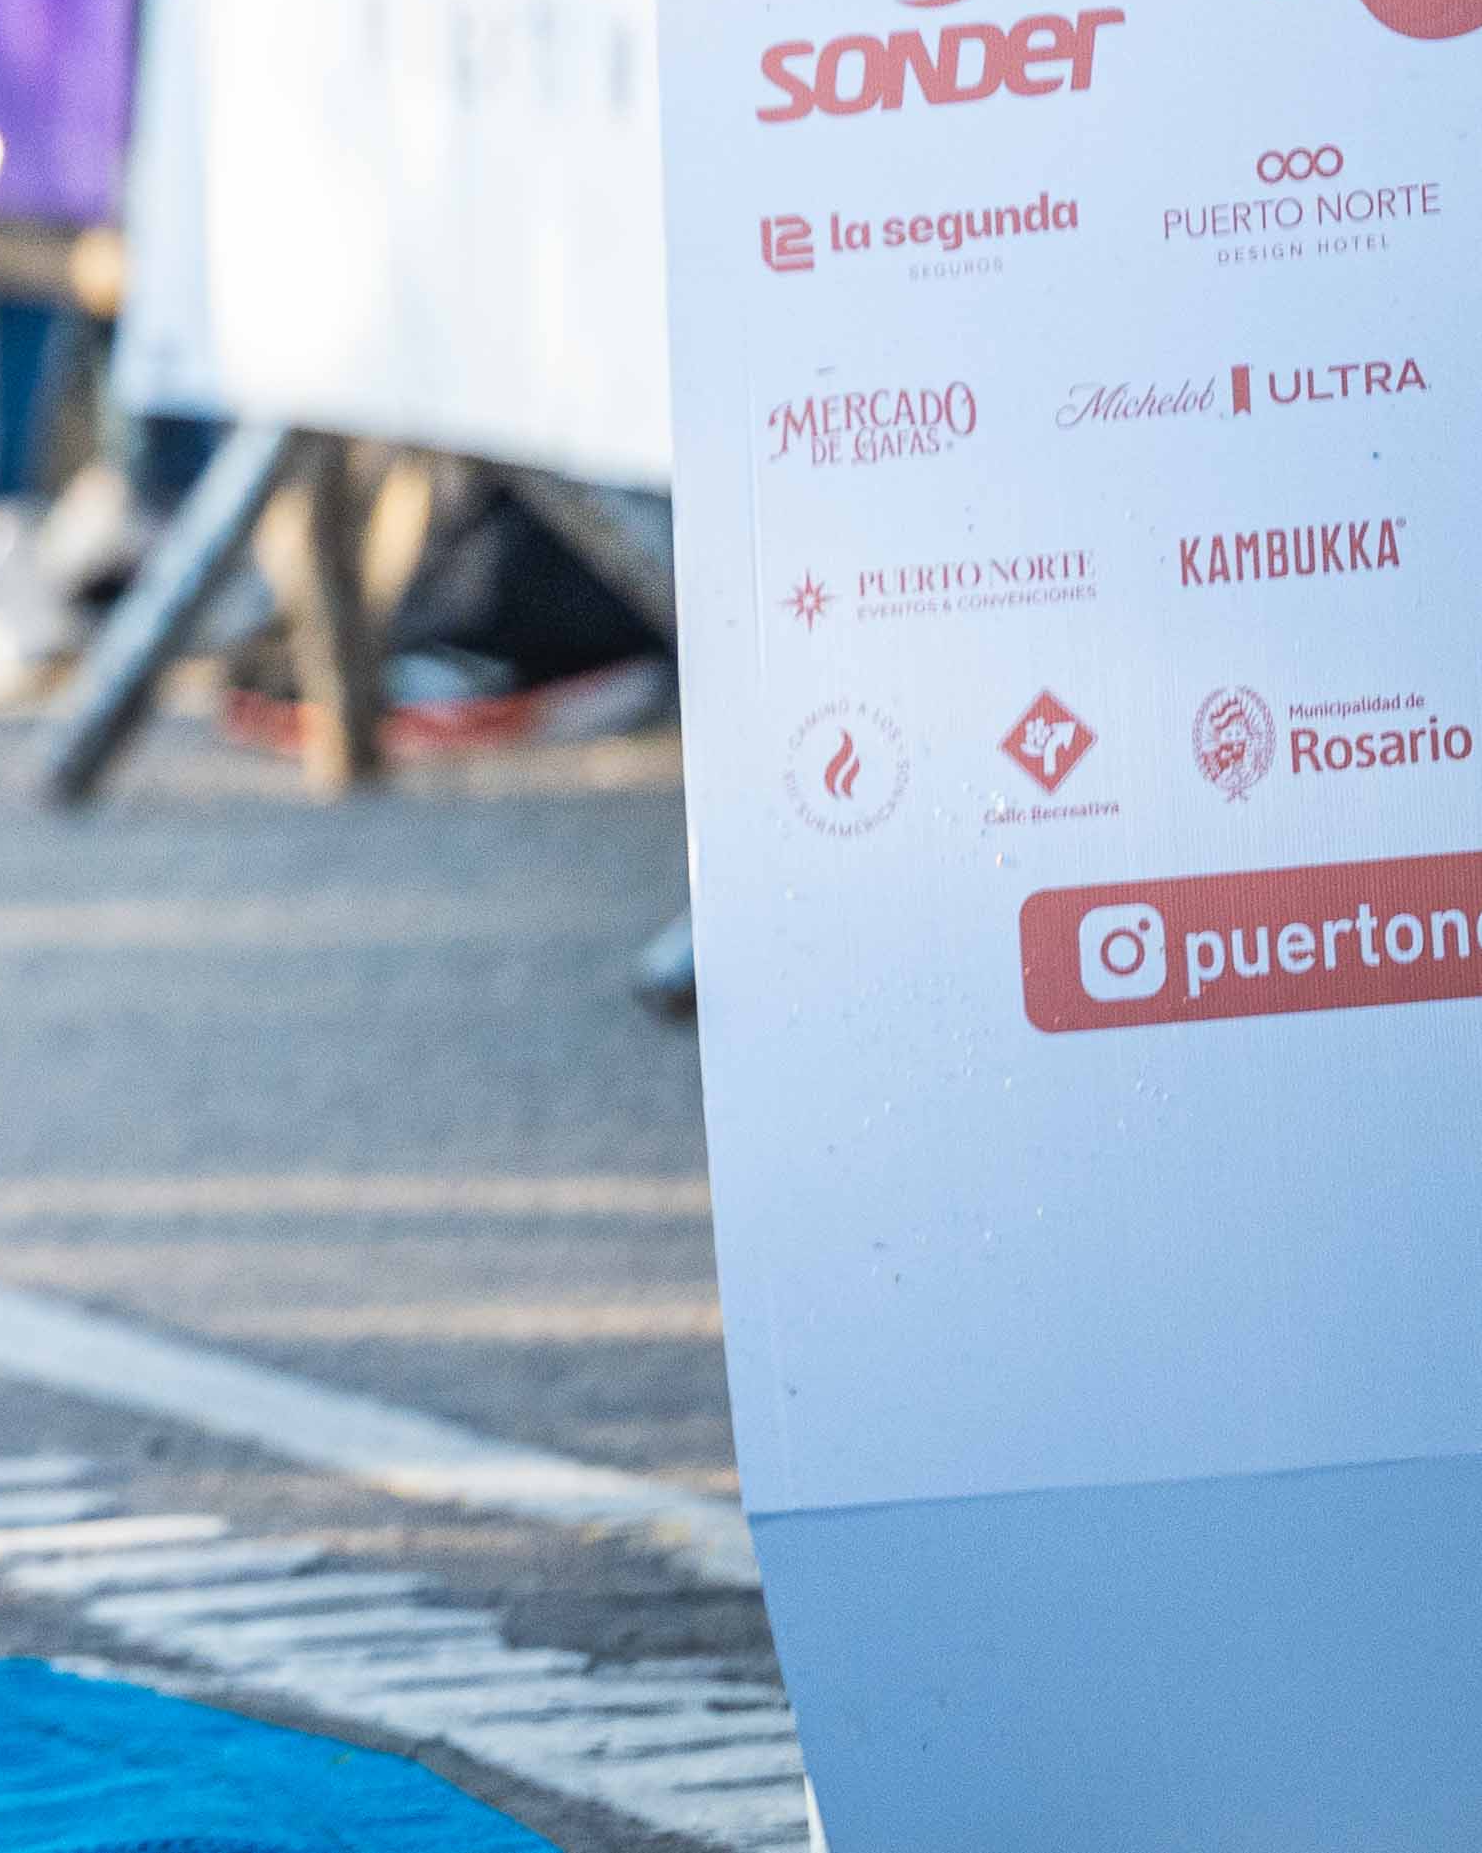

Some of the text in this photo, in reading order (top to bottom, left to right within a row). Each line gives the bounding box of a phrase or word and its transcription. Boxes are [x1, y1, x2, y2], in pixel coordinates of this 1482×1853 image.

[830, 190, 1079, 253] la segunda
[1163, 182, 1442, 240] PUERTO NORTE
[908, 257, 1004, 282] SEGUROS
[1218, 235, 1392, 265] DESIGN HOTEL
[1054, 358, 1428, 429] Michelob ULTRA
[768, 381, 977, 463] MERCADO
[811, 432, 843, 466] DE
[858, 548, 1097, 597] PUERTO NORTE
[1179, 517, 1401, 588] KAMBUKKA
[857, 599, 939, 620] EVENTOS
[956, 584, 1097, 612] CONVENCIONES
[1289, 691, 1426, 721] Municipalidad de
[1290, 714, 1473, 774] Rosario
[984, 800, 1121, 825] Calle Recreativa
[1185, 903, 1482, 998] puerton

---

Print the material above once more, exactly. No pictures belong in it.

Some of the text in this photo, in reading order (top to bottom, left to right within a row). Each line gives the bounding box of a phrase or word and its transcription. Boxes are [x1, y1, x2, y2], in pixel coordinates of this 1482×1853 image.

[830, 190, 1079, 253] la segunda
[1163, 182, 1442, 240] PUERTO NORTE
[908, 257, 1004, 282] SEGUROS
[1218, 235, 1392, 265] DESIGN HOTEL
[1054, 358, 1428, 429] Michelob ULTRA
[768, 381, 977, 463] MERCADO
[811, 432, 843, 466] DE
[858, 548, 1097, 597] PUERTO NORTE
[1179, 517, 1401, 588] KAMBUKKA
[857, 599, 939, 620] EVENTOS
[956, 584, 1097, 612] CONVENCIONES
[1289, 691, 1426, 721] Municipalidad de
[1290, 714, 1473, 774] Rosario
[984, 800, 1121, 825] Calle Recreativa
[1185, 903, 1482, 998] puerton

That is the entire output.